Finding a linear transformation.

[peripatein]

Hi,

Homework Statement

How may I find (or prove that there isn't) a linear transformation which satisfies T: R³->R₁[x], ker T = Sp{(1,0,1), (2,-1,1)}?

Homework Equations

The Attempt at a Solution

I am not sure how to approach this. I understand that kerT is the group of all vectors (x,y,z) in R³ so that T(x,y,z) = 0 = Sp{(1,0,1), (2,-1,1)}. So x = alpha, y = -beta, z = alpha + beta? Hence, x,y,z=0? Hence, T has to be one-to-one? Since dim(R₁[x]) is 2, does that mean that there is no such linear transformation?

 

[mfb]

I don't understand what you try to do with your alpha and beta.
Every vector which can be written in that way is part of ker T - and now? What about vectors which cannot be written like that?

Since dim(R₁[x]) is 2, does that mean that there is no such linear transformation?

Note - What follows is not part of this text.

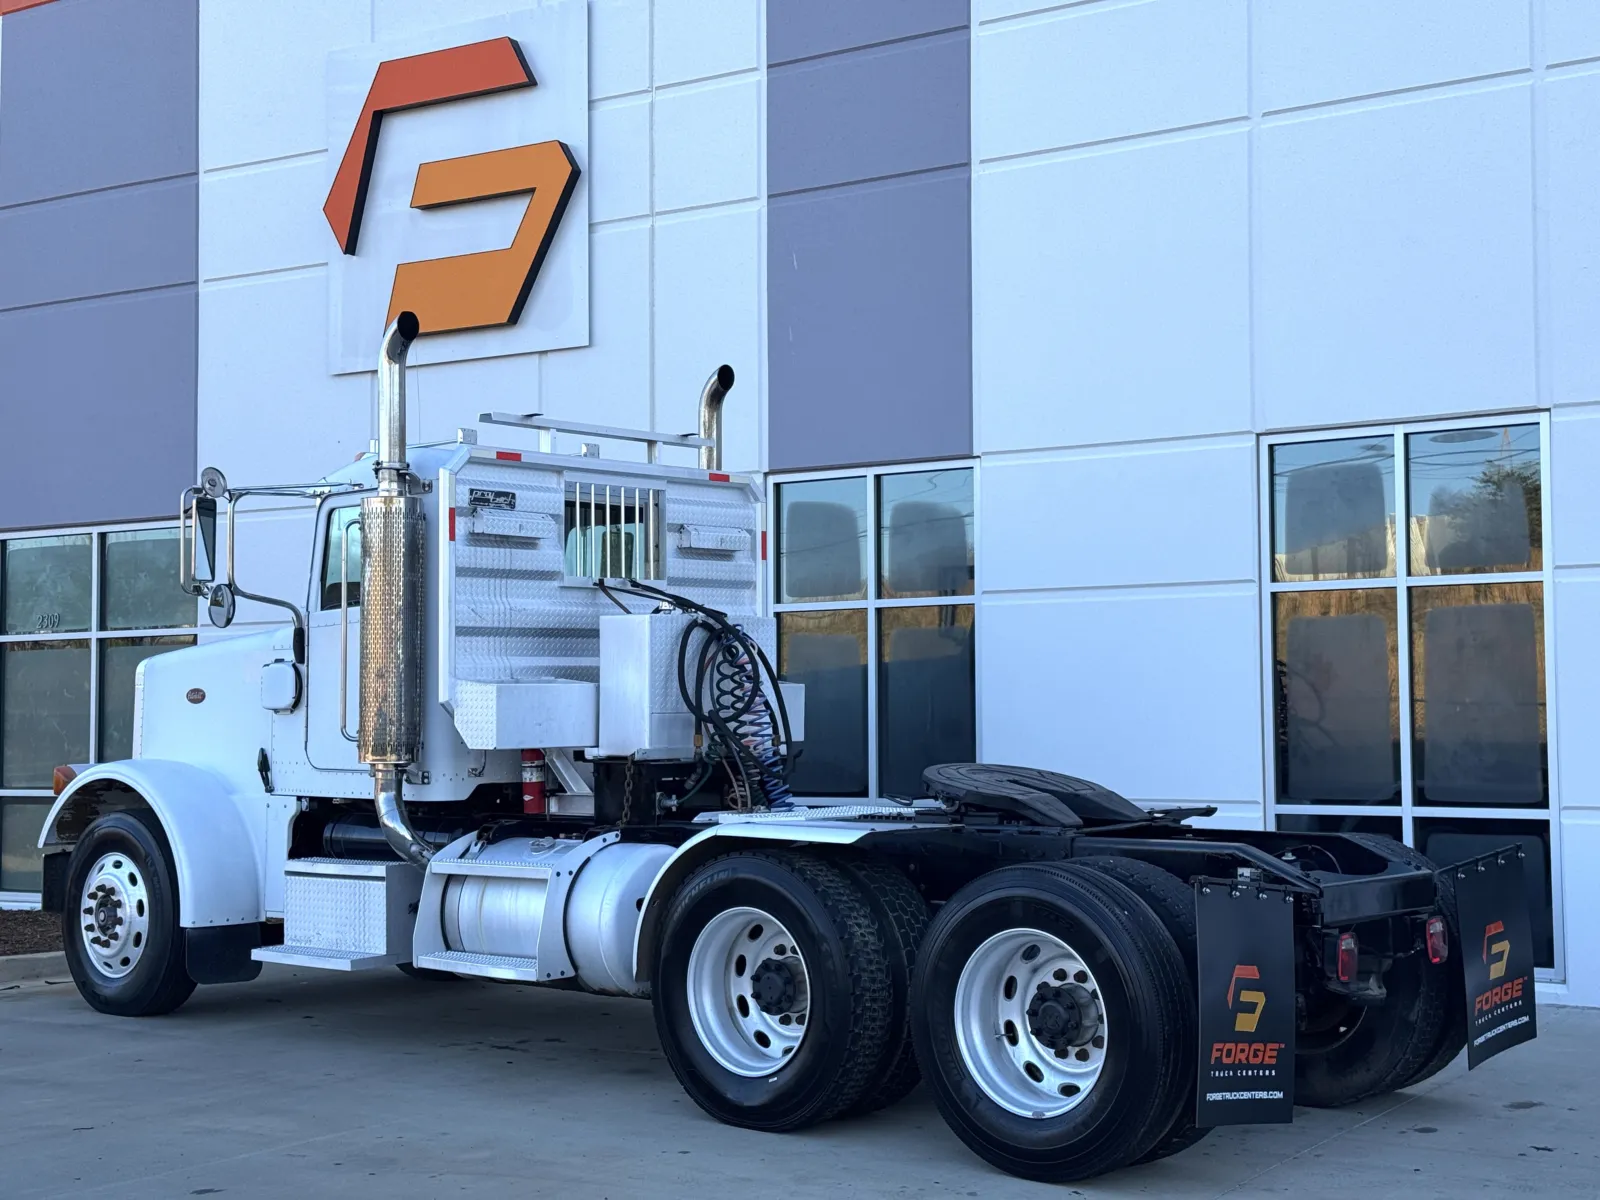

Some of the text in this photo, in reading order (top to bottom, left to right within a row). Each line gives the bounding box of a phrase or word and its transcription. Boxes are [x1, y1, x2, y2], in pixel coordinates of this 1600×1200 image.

You can use a dimensional analysis to prove that there is no surjective linear transformation (with the given ker T), but that is not relevant here.

 

[peripatein]

Won't dimensional analysis show that dimIm(T) must be equal to 1? How does that help me disprove that no such linear transformation exists?

 

[mfb]

Why do you think you can disprove it at all?

dim Im(T)=1, I agree

 

[peripatein]

I don't know, wrong inference from your previous post I presume. In any case, how shall I proceed?

 

[HallsofIvy]

R_1[x] is the set of all polynomials of the form ax+ b for real numbers a and b (unless I am misunderstanding- I would call that R[x] without the "1"). We can represent that by the column vector \begin{bmatrix}a \\ b \end{bmatrix} and so we can represent a linear transformation from R^3 to R_1[x] by a 3 by 2 matrix:
\begin{bmatrix}a & b & c \\ d & e & f \end{bmatrix}\begin{bmatrix}x \\ y \\ z \end{bmatrix}= \begin{bmatrix}p \\ q\end{bmatrix}

Saying that the kernel is spanned by (1, 0, 1) and (2, -1, 1) means that
\begin{bmatrix}a & b & c \\ d & e & f \end{bmatrix}\begin{bmatrix}1 \\ 0 \\ 1 \end{bmatrix}= \begin{bmatrix}a+ c \\ d+ e\end{bmatrix}= \begin{bmatrix}0 \\ 0 \end{bmatrix}
and
\begin{bmatrix}a & b & c \\ d & e & f \end{bmatrix}\begin{bmatrix}2 \\ -1\\ 1\end{bmatrix}= \begin{bmatrix}2a- b+ c \\ 2d- e+ f\end{bmatrix}= \begin{bmatrix}0 \\ 0 \end{bmatrix}

So we must have a+ c= 0, d+ e= 0, 2a- b+ c= 0, and 2d- e+ f= 0. That gives four equations with which we can solve for four of a, b, c, d, e, and f in terms of the other two.

 

[peripatein]

Would you care to explain the logic behind such approach? For instance, why did you choose a matrix whose first two elements in the first row are the elements of the column vector [a,b]?

 

[mfb]

a to f are just some constants (with arbitrary names), as this 2x3-matrix represents an arbitrary linear transformation from R^3 to R^2 (or R[x] in this special case).

 

[peripatein]

Right, but it is for a reason that a and b appear in both cases, namely first two elements in the first row of the matrix AND the elements of the column vector [a,b]. I am asking why is that.
Moreover, I have a general question - are all different bases linearly dependent?

 

[mfb]

No, they are not related. As you can see, HallsofIvy replaced the names by p and q in the first equation to avoid collisions.

 

[peripatein]

Okay. The result I obtained was a=b=-c and d=-e=-f/3.
How do I derive my answer from these values?

 

[mfb]

As you have no additional restrictions, you can choose two values for those parts to find a linear transformation.
a=b=-c=5, d=e=-f/3=7 for example.

 

[peripatein]

Hence, how should the final answer be presented? Shouldn't it be presented in the form of a polynomial ax+b?

 

[mfb]

The final answer should give some unique way to map all vectors (g,h,i) to vectors px+q.

 

[peripatein]

In that case, I don't think I understand. I thought I was to provide a general term for a transformation answering the criteria as presented in the question. Would you clarify, please?

 

[mfb]

You have to give a single linear transformation - this is a specific way to map every vector of R^3 to a polynomial: Like an equation T(g,h,i)=... which can be used for all values of g,h,i and gives a result which depends on g,h,i.

 

[peripatein]

Let me see if I got it correctly. Supposing I take the values for a,b,c,d,e and f, and substitute them into the original matrix as suggested by HallsofIvy, I get a single column vector whose elements are 5x+5y-5z and 7x+7y-21z. To what end does that serve me?